Black Friday & Cyber Monday – What’s The Difference?
With November looming just around the corner, the Quarter 4 sales season is quite close all of a sudden. The two biggest shopping days of the season are Black Friday and Cyber Monday, although both days have been extended to full weeks which are filled to bursting with all sorts of amazing discounts, bargains and savings.
But what is the difference between the two days? Do they focus on different types of products?
The Origin of the Days
Black Friday dates way back to the 1950s, when people would flood into Philadelphia in preparation for the much anticipated Navy football games. With the sudden influx of new people in the town, local businesses used to make a lot more profits. In an effort to outdo each other, the local shops would create incentives in the form of ‘one day only’ discounts to attract and maintain more customers. They started calling this day ‘Black Friday’ as a good day of sales was typically enough to put these businesses officially in the black for the rest of the year. Ironically, nobody thinks about football when they think about Black Friday, as the shopping element has completely taken over.
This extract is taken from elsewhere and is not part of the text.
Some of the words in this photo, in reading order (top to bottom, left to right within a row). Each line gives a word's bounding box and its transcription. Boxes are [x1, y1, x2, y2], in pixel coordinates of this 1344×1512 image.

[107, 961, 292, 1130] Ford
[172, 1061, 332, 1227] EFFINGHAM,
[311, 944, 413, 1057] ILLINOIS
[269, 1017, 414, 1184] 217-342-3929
Cyber Monday is a much more recent addition to the Quarter 4 shopping calendar. It all started in 2005, after documentation by the National Retail Federation (of America) showed that people are willing to shop throughout the entire Thanksgiving weekend. They noted that many traditional ‘bricks and mortar’ stores closed on this weekend, indicating a stark contrast between consumer intent and store opening times. Online retailers were quick to seize upon this gap in the market and made huge profits during this period. With few traditional stores open, it meant that an unprecedented amount of consumers went online. With so much web traffic, online stores needed to offer better deals than each other in order to entice clickthrough and conversions. Aping the success of Black Friday, the event became known as Cyber Monday. To cement the digital aspect of Cyber Week, most stores specialise in electronics, with video games being particularly popular during this week.
What is the Difference?
Being the first day of the official Thanksgiving season, gifts and present items generally take the lead in terms of overall sales. Toys and technological devices are also popular during the Black Friday season, especially since they tend to be heavily discounted. Many shoppers see this as an opportunity to alleviate the stress associated with Christmas shopping, as quality products at reasonable prices are often in short supply come December. Online and offline stores tend to share the lion’s share of revenue during Black Friday Week.
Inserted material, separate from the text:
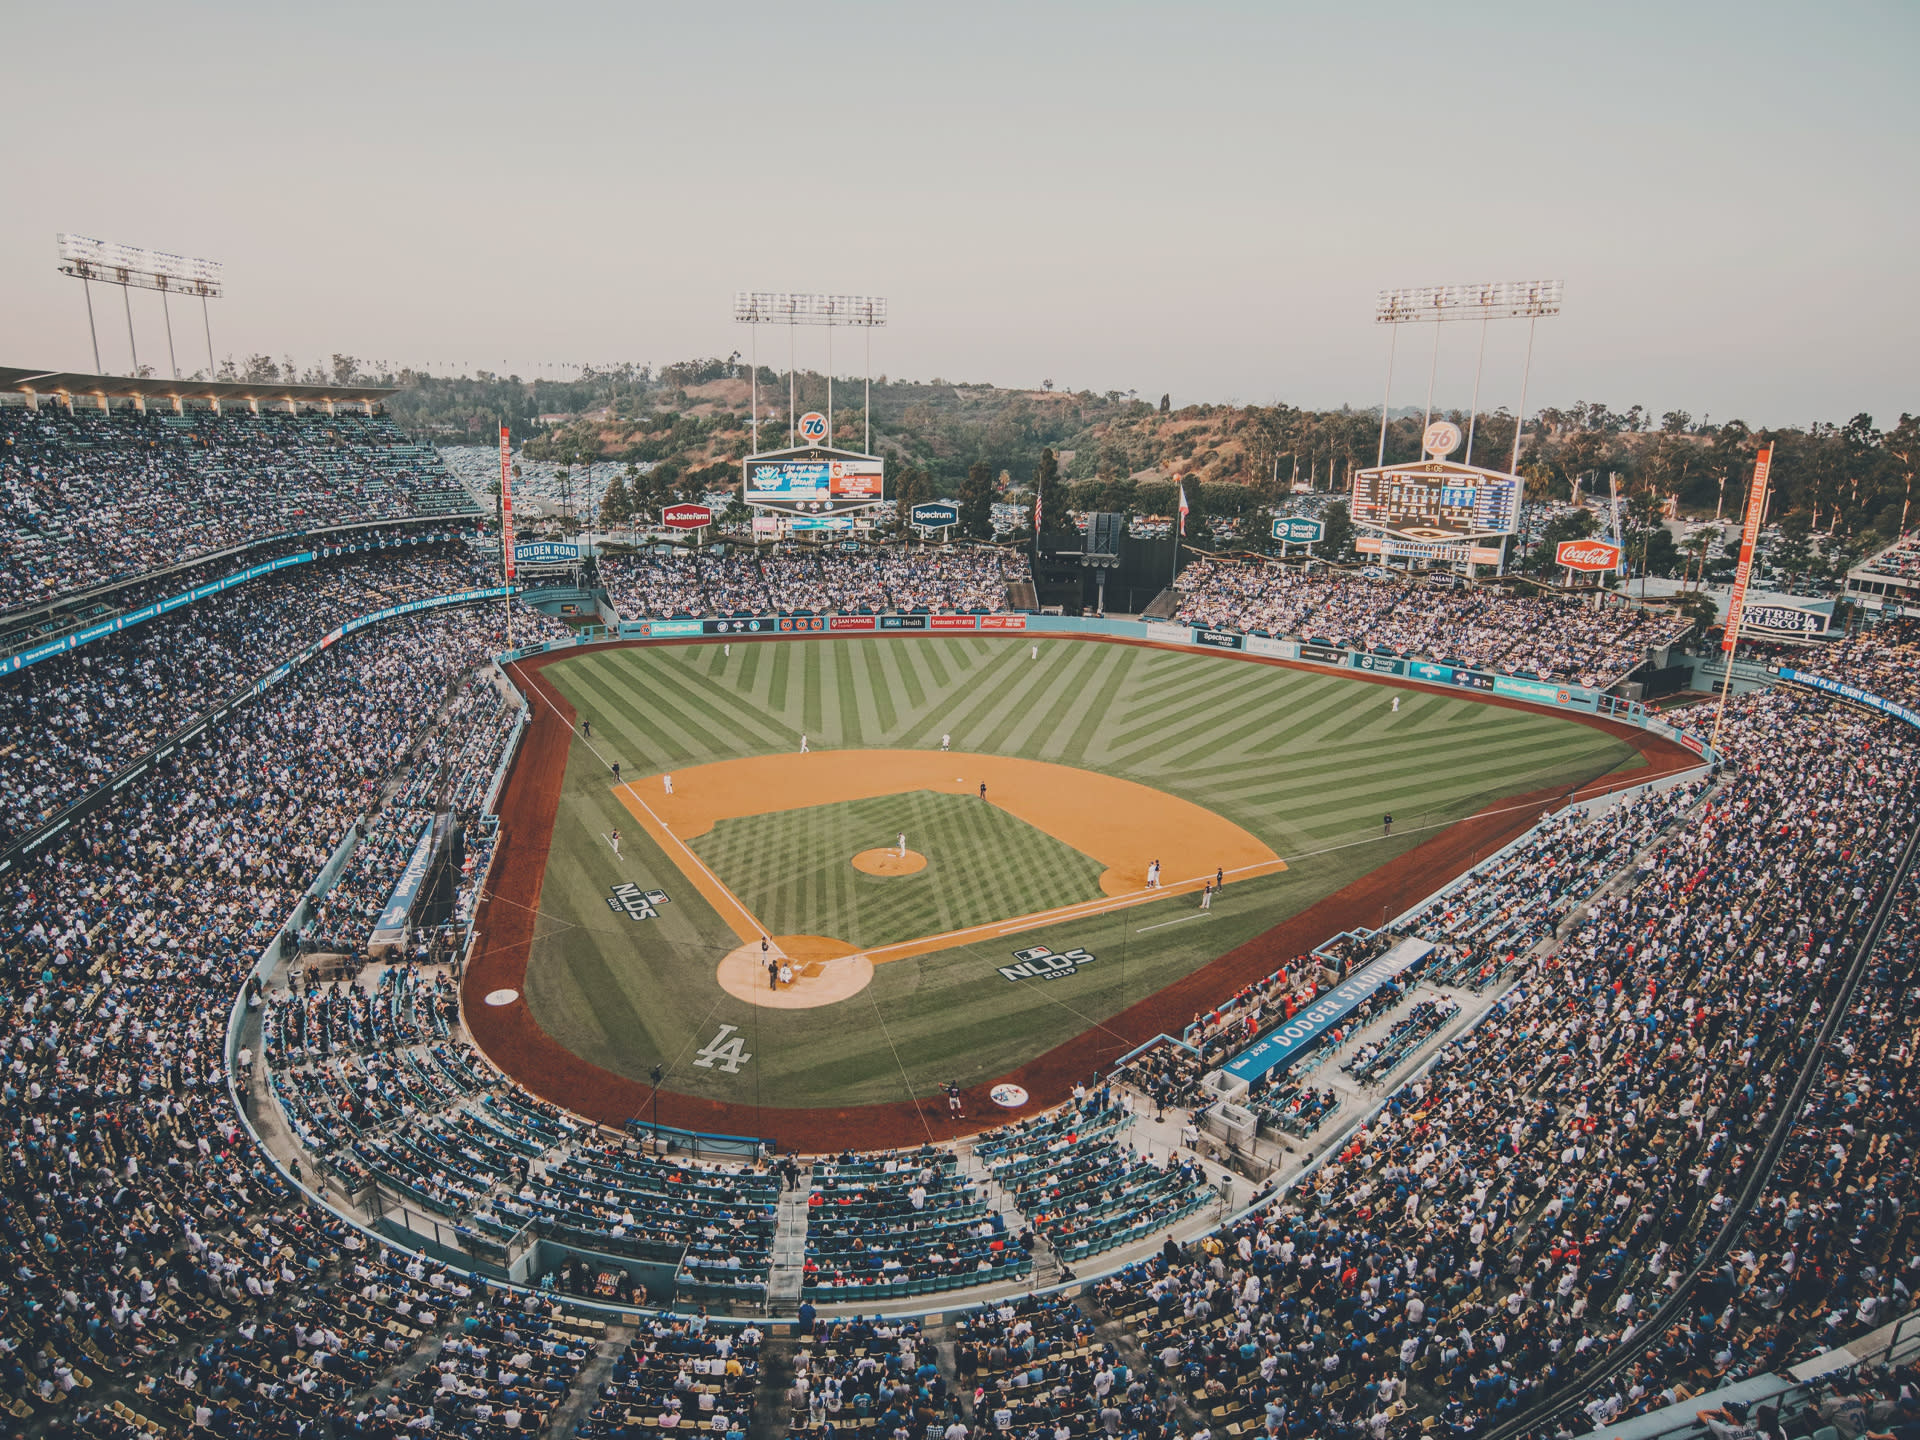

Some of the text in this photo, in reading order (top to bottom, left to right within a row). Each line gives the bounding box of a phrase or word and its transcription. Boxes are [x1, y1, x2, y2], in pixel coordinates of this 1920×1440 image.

During Cyber Week, the vast majority of purchases are made online, with many offline stores only paying lip service to the event, having already cleared most of their unwanted stock during Black Friday Week. Cyber Week is seen as a more relaxed shopping atmosphere than Black Friday, with consumers shopping from their lap top or desk top computers in the comfort of their own homes or, increasingly, on their mobile smartphones and tablet-style devices (see our tips for optimising your website for mobile here). This is a far cry from the chaotic scenes which are often noted in traditional offline stores on Black Friday…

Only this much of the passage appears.